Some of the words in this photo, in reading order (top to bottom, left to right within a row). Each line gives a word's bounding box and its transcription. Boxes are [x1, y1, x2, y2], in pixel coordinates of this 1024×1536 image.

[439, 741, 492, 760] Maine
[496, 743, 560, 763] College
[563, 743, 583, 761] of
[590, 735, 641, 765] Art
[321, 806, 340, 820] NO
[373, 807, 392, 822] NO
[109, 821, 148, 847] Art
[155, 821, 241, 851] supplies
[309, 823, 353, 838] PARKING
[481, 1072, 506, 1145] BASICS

--

Write the records out again. Keep every line exactly as it is.

# ANSWER SECTION
Some of the words in this photo, in reading order (top to bottom, left to right within a row). Each line gives a word's bounding box and its transcription. Boxes are [x1, y1, x2, y2], in pixel coordinates of this 1024×1536 image.

[439, 741, 492, 760] Maine
[496, 743, 560, 763] College
[563, 743, 583, 761] of
[590, 735, 641, 765] Art
[321, 806, 340, 820] NO
[373, 807, 392, 822] NO
[109, 821, 148, 847] Art
[155, 821, 241, 851] supplies
[309, 823, 353, 838] PARKING
[481, 1072, 506, 1145] BASICS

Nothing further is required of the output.